## Exercise aim
In your copy, the records appear word for word and the pictures do not appear at all.

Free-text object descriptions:
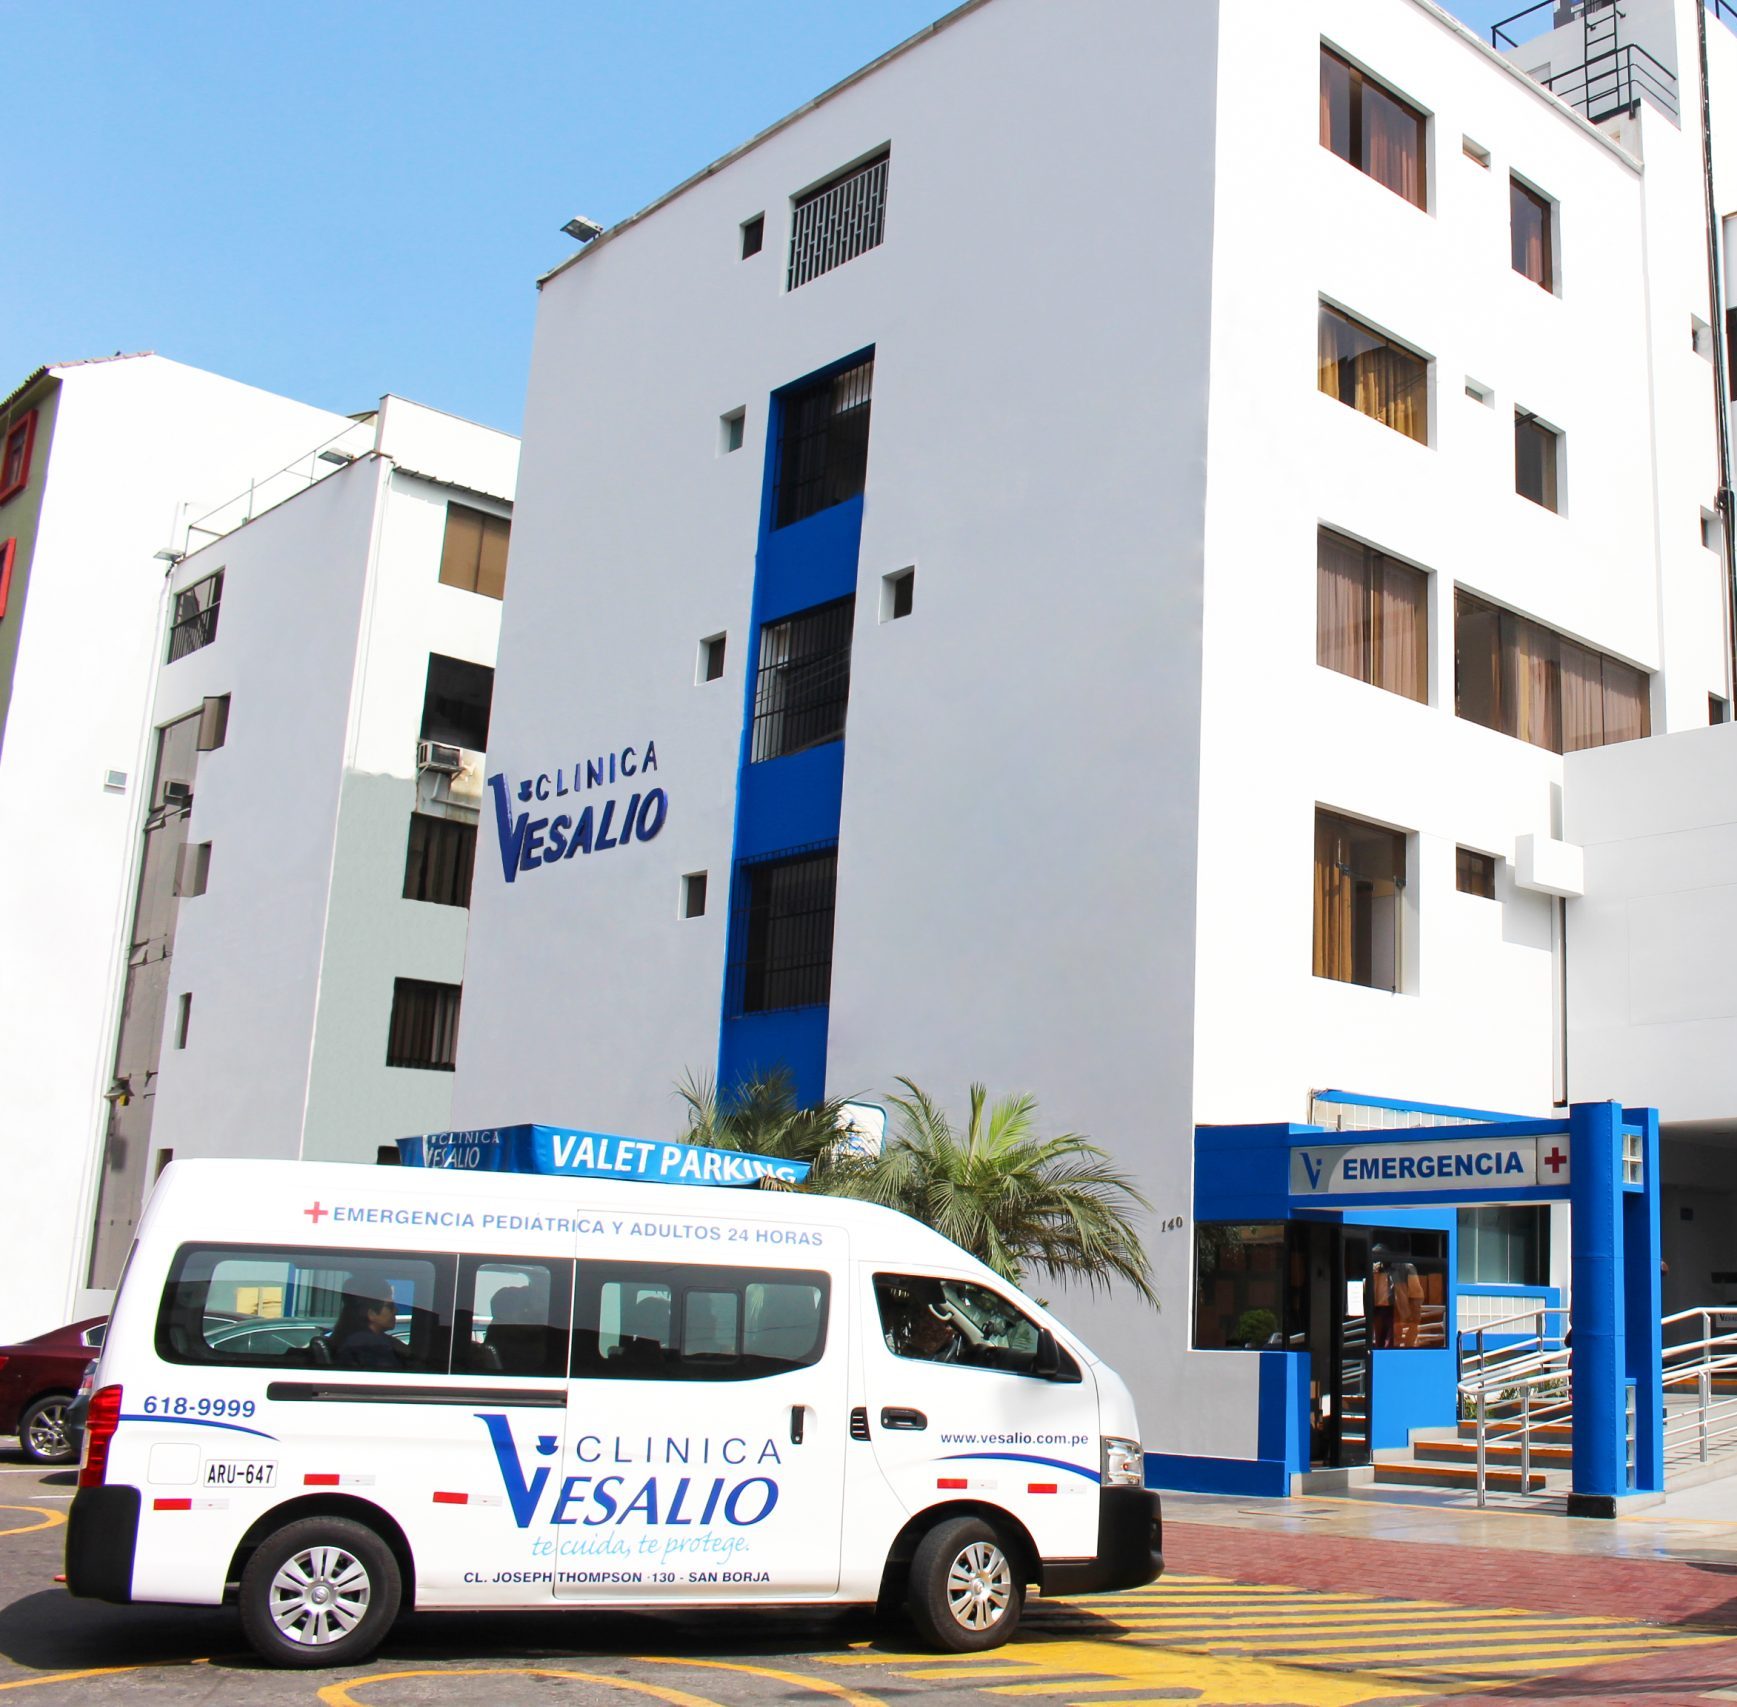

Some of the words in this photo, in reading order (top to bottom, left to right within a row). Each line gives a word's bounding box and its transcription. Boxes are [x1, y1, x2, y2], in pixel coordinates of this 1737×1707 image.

[535, 740, 658, 802] CLINICA
[487, 772, 669, 883] VESALIO
[422, 1134, 480, 1169] VESALIO
[439, 1131, 500, 1145] CLINICA
[552, 1134, 656, 1173] VALET
[1342, 1151, 1524, 1181] EMERGENCIA
[333, 1206, 474, 1228] EMERGENCIA
[612, 1221, 624, 1235] Y
[630, 1222, 721, 1241] ADULTOS
[727, 1228, 749, 1242] 24
[755, 1229, 823, 1247] HORAS
[143, 1395, 256, 1418] 618-9999
[576, 1436, 782, 1465] CLINICA
[940, 1432, 1089, 1447] www.vesalio.com.pe
[207, 1463, 274, 1484] ARU-647
[473, 1413, 780, 1529] VESALIO
[532, 1535, 555, 1556] te
[559, 1530, 632, 1558] cuida,
[638, 1534, 659, 1554] te
[660, 1531, 751, 1565] protege.
[463, 1572, 488, 1584] CL.
[492, 1572, 553, 1584] JOSEPH
[557, 1572, 643, 1583] THOMPSON
[688, 1571, 717, 1583] SAN
[722, 1571, 771, 1583] BORJA
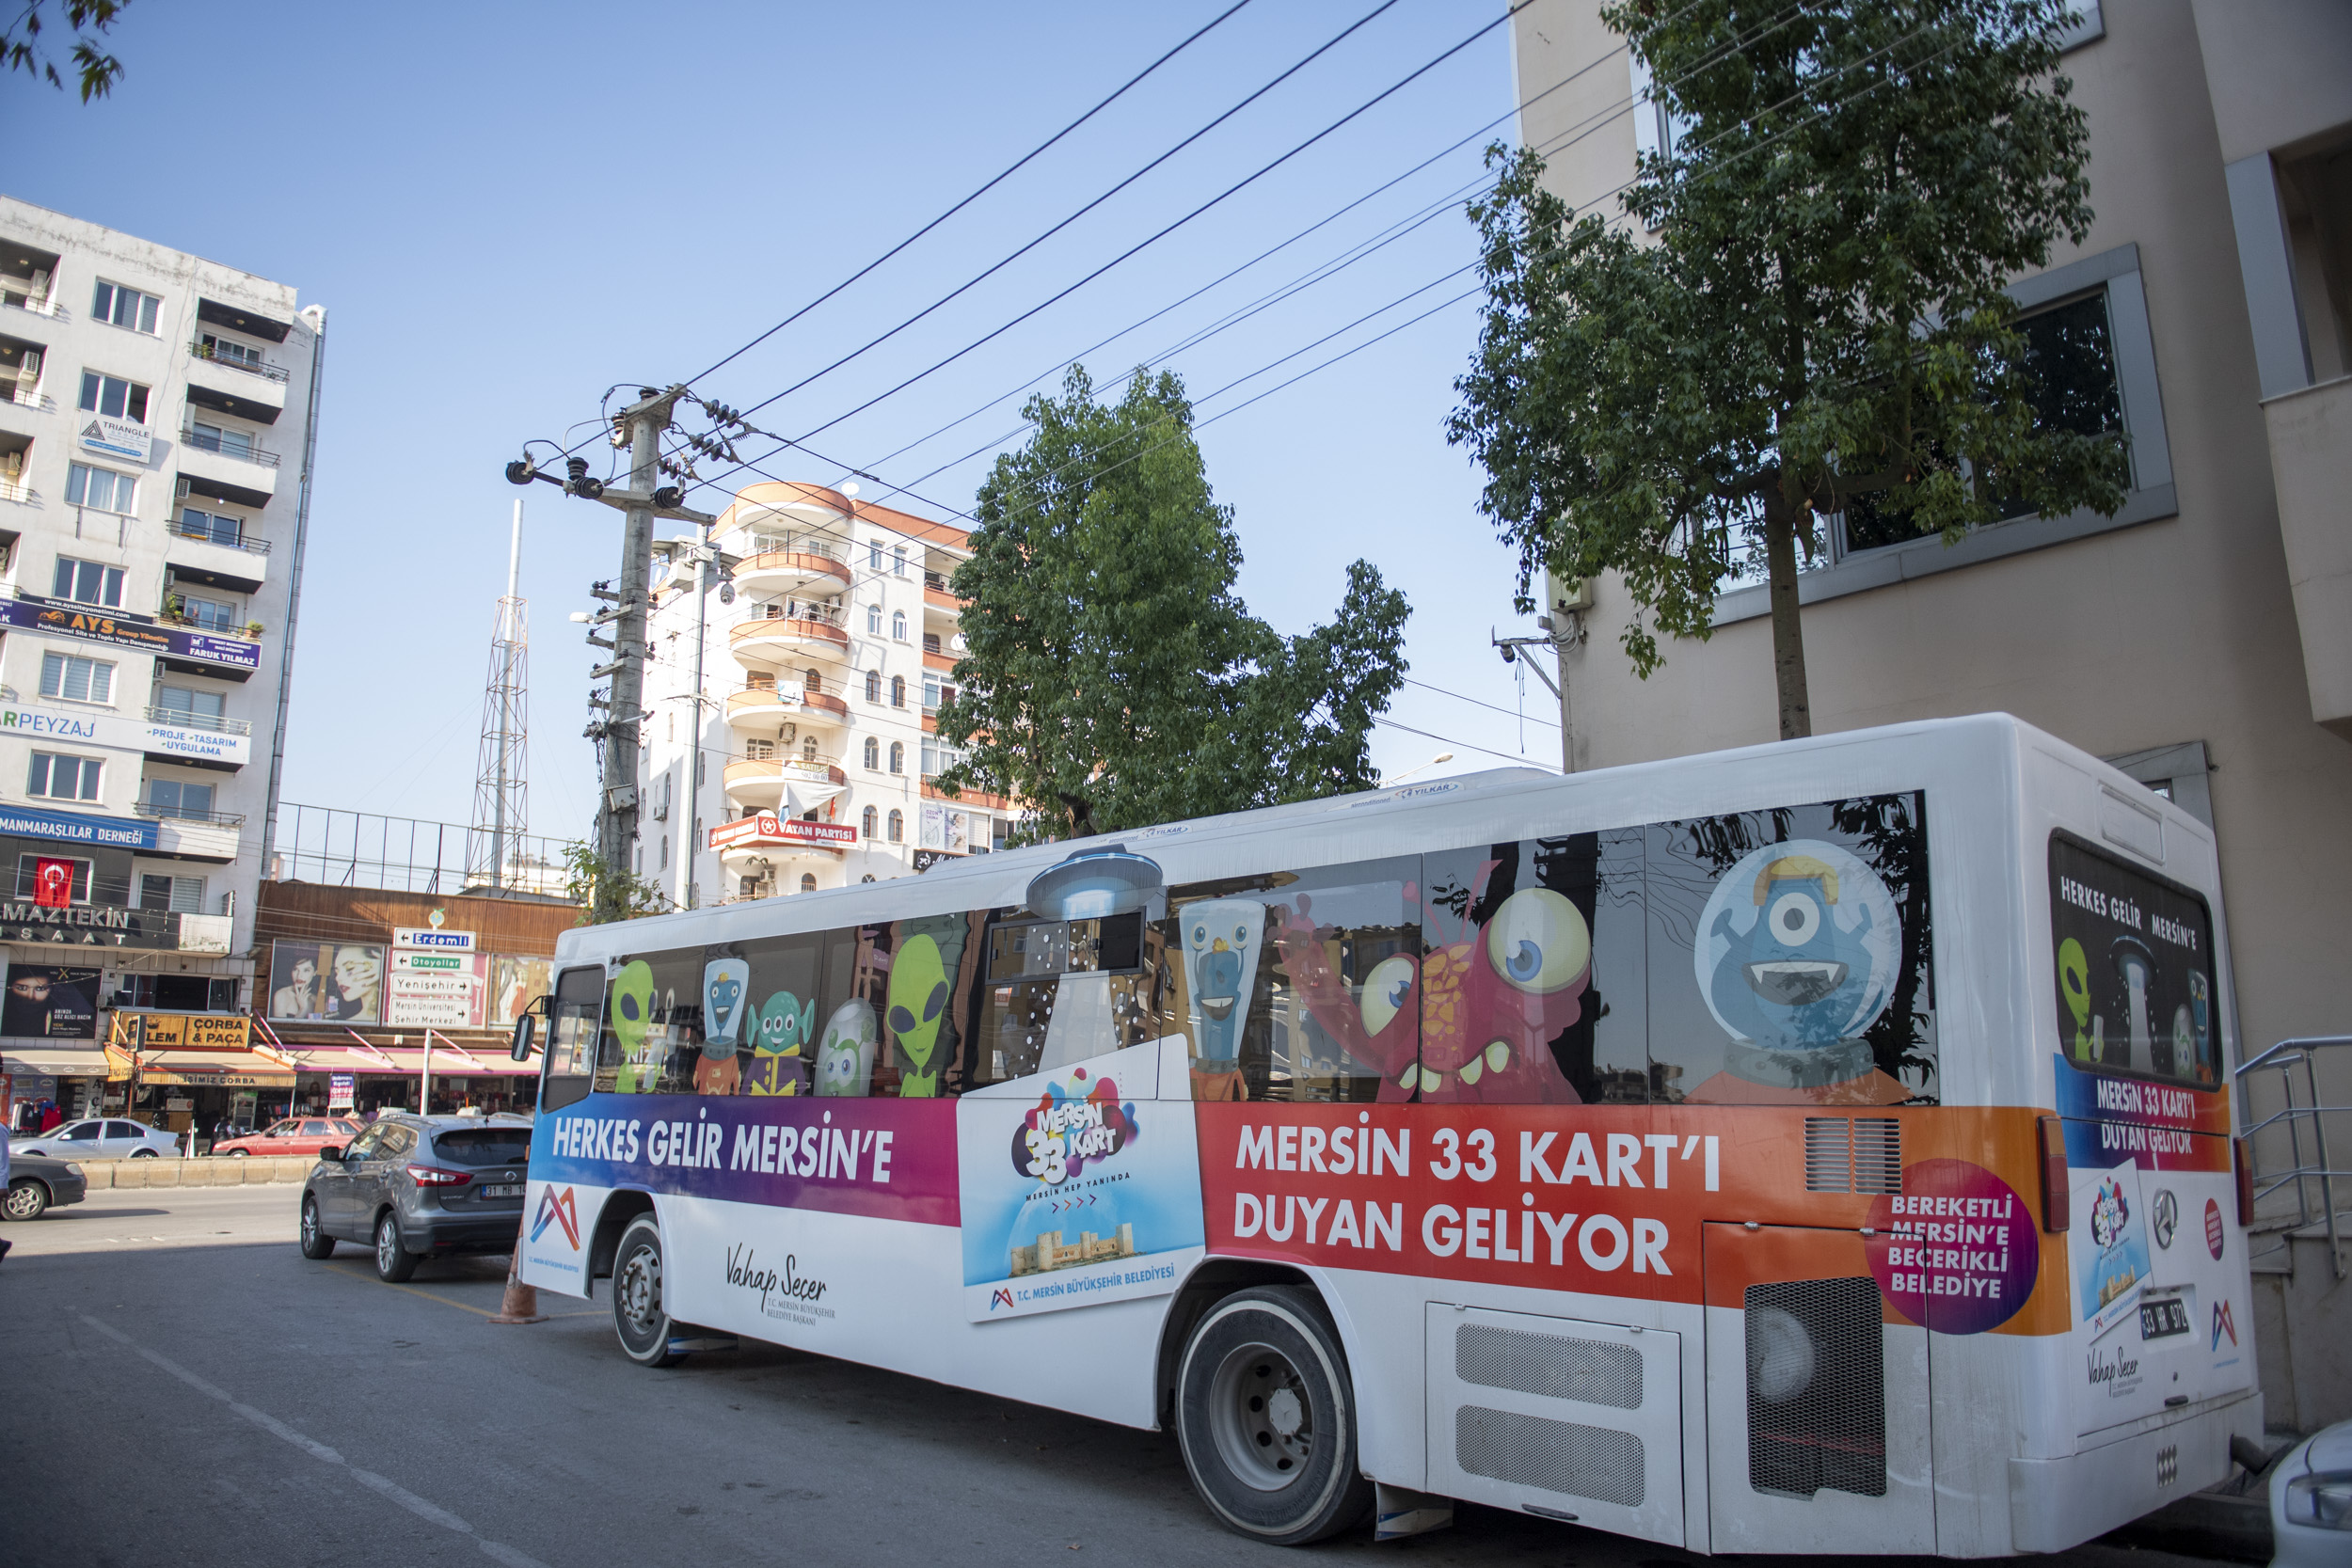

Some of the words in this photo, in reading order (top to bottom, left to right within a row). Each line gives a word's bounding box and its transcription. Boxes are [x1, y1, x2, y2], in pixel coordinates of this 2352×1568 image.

## Result for this exercise
Some of the words in this photo, in reading order (top to bottom, left to right within a row). Each line gives a word's bounding box and its transcription. Boxes are [x1, y1, x2, y2], in pixel coordinates of this 1737×1707 image.

[535, 740, 658, 802] CLINICA
[487, 772, 669, 883] VESALIO
[422, 1134, 480, 1169] VESALIO
[439, 1131, 500, 1145] CLINICA
[552, 1134, 656, 1173] VALET
[1342, 1151, 1524, 1181] EMERGENCIA
[333, 1206, 474, 1228] EMERGENCIA
[612, 1221, 624, 1235] Y
[630, 1222, 721, 1241] ADULTOS
[727, 1228, 749, 1242] 24
[755, 1229, 823, 1247] HORAS
[143, 1395, 256, 1418] 618-9999
[576, 1436, 782, 1465] CLINICA
[940, 1432, 1089, 1447] www.vesalio.com.pe
[207, 1463, 274, 1484] ARU-647
[473, 1413, 780, 1529] VESALIO
[532, 1535, 555, 1556] te
[559, 1530, 632, 1558] cuida,
[638, 1534, 659, 1554] te
[660, 1531, 751, 1565] protege.
[463, 1572, 488, 1584] CL.
[492, 1572, 553, 1584] JOSEPH
[557, 1572, 643, 1583] THOMPSON
[688, 1571, 717, 1583] SAN
[722, 1571, 771, 1583] BORJA

Some of the words in this photo, in reading order (top to bottom, left to right within a row). Each line gives a word's bounding box and its transcription. Boxes are [x1, y1, x2, y2], in pixel coordinates of this 2352×1568 image.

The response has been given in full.